I'll add a fourth blade to the LC.



Mossy Toes said:


> The head is from the old metal, OOP "Chaos Lord on Steed of Slaanesh" (or as I call it, "Lord on Tittysnake"). Found one myself, a few years back.
> 
> That heavy flamer looks cool... but do bear in mind it's only legal to take on the table in a squad of 5 or more Termis, so you'll need 2 more to field them all together.


Thanks! I have two more dual LC inbound so the squad will be five strong when I am finished.



SonofVulkan said:


> Nice conversions so far. The chainfist looks good, not too big at all. The heavy flamer model looks like the terminator is slowly turning into an obliterator, which is cool. The knife claw could do with an extra finger though. Keep it up, good work.



Haven't thought of the 'turning oblit' thing myself. But do like it.  I'll reconsidder the Chainfist once I can dryfit it to the modell.


----------



## Moriouce (Oct 20, 2009)

Yesterday I added a fourth blade to the LC. 

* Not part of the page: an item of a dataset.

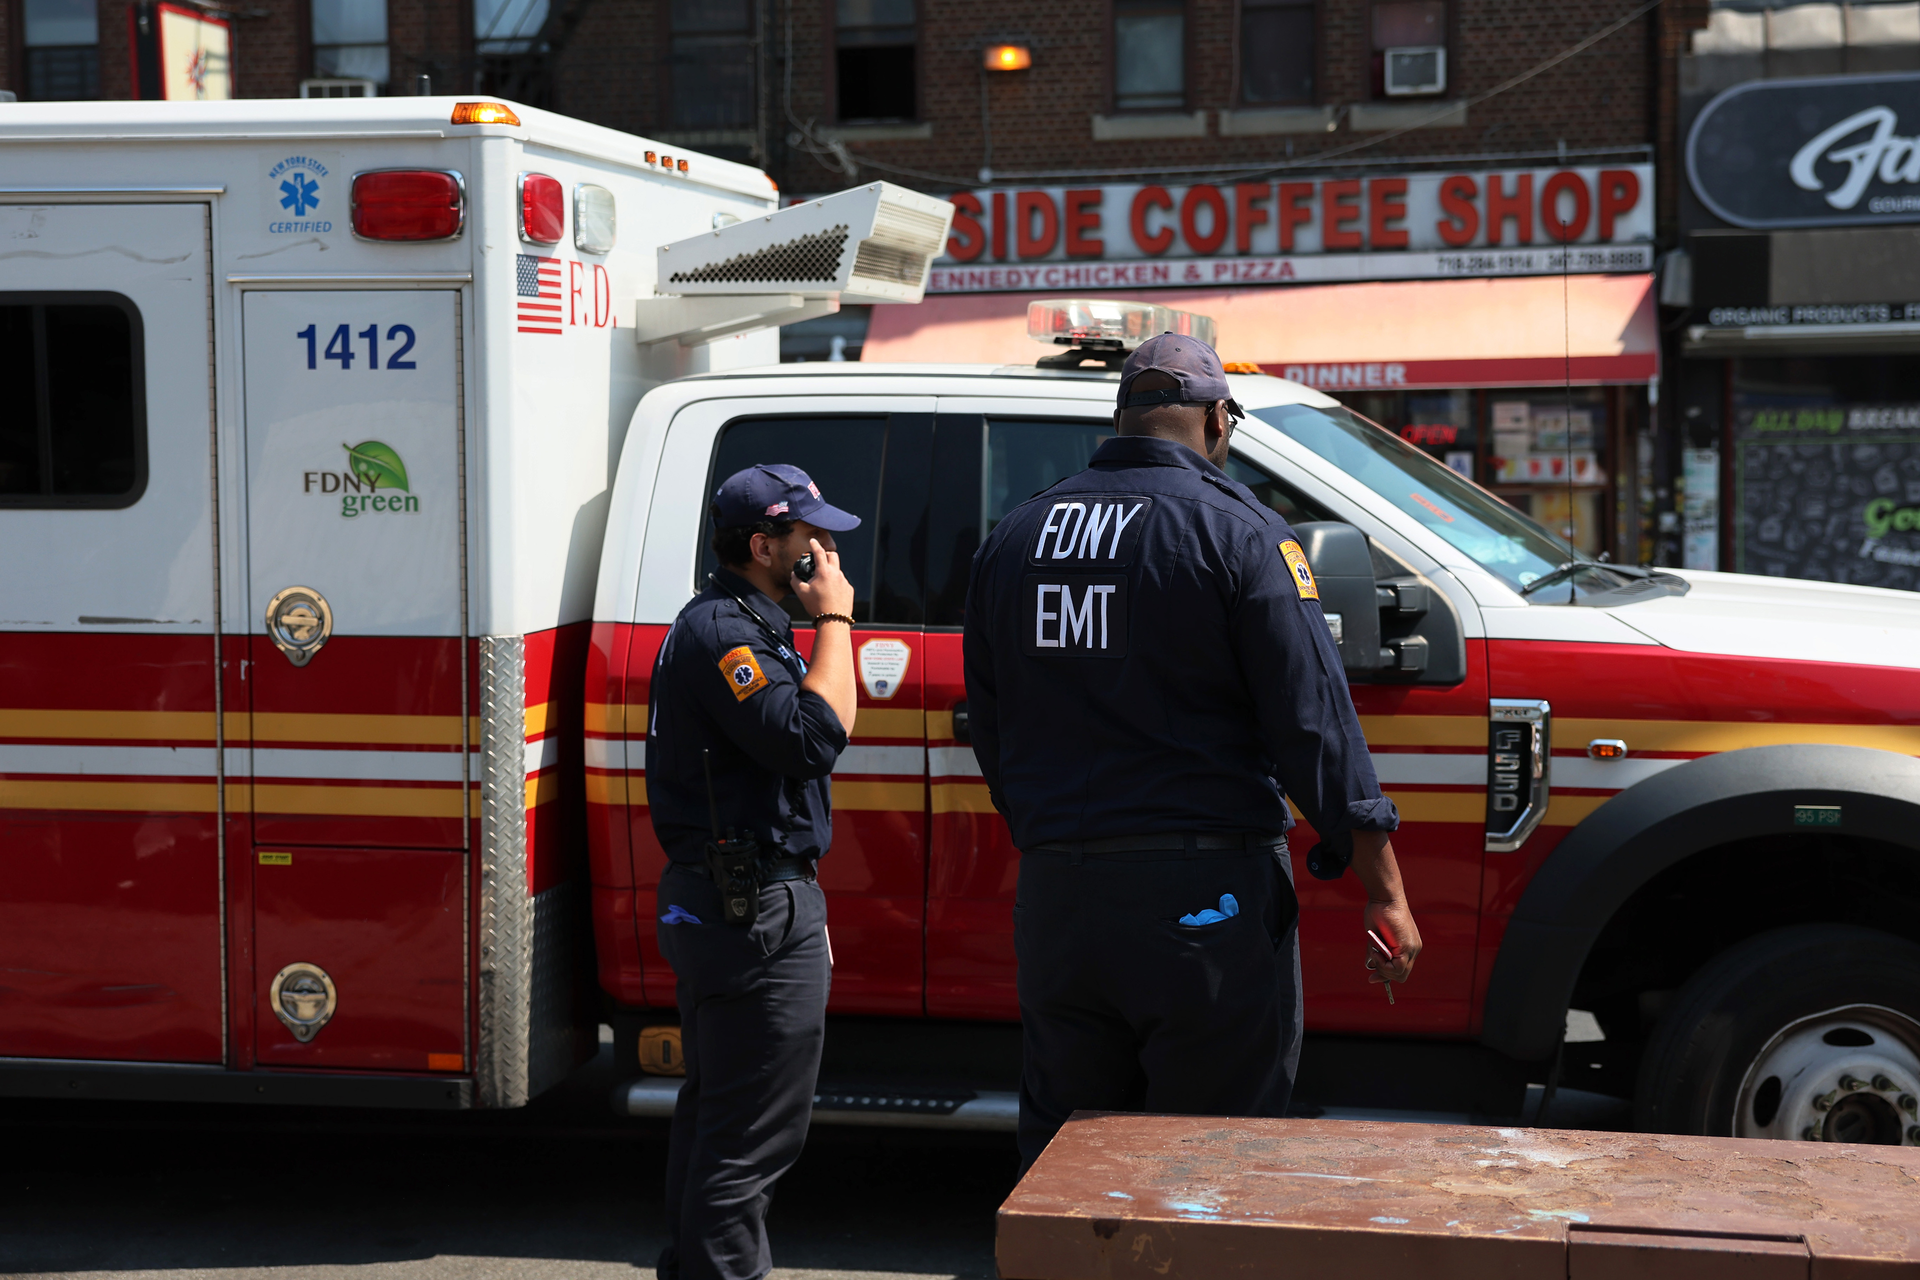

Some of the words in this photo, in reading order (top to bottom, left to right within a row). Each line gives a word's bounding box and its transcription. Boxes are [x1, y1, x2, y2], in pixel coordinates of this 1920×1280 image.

I think it gives the LC that last touch that makes it look like something you don't want a handshake from.

More I started on my Noise Marines. 

I have removed barrels an ammofed from the Heavy Bolters. I'll GS some new barrels that has more audio look to them and add som wireing that runs from the guns to their backpacks.

I also began with the champion's Doom Siren.


----------



## Iraqiel (May 21, 2008)

That knife claw is looking extremely brutal - I think it will look excellent when you put it on and paint it up. For the record, I also really like the hazard stripes on the heavy bolter.


----------



## Moriouce (Oct 20, 2009)

Iraqiel said:


> That knife claw is looking extremely brutal - I think it will look excellent when you put it on and paint it up. For the record, I also really like the hazard stripes on the heavy bolter.



Thanks! 

Since I plan to sell these minis when I'm done converting I'll ask whoever buys them to mail me a photo of them when they are painted.


----------



## Moriouce (Oct 20, 2009)

This eve saw the beginning of my Blastmaster. 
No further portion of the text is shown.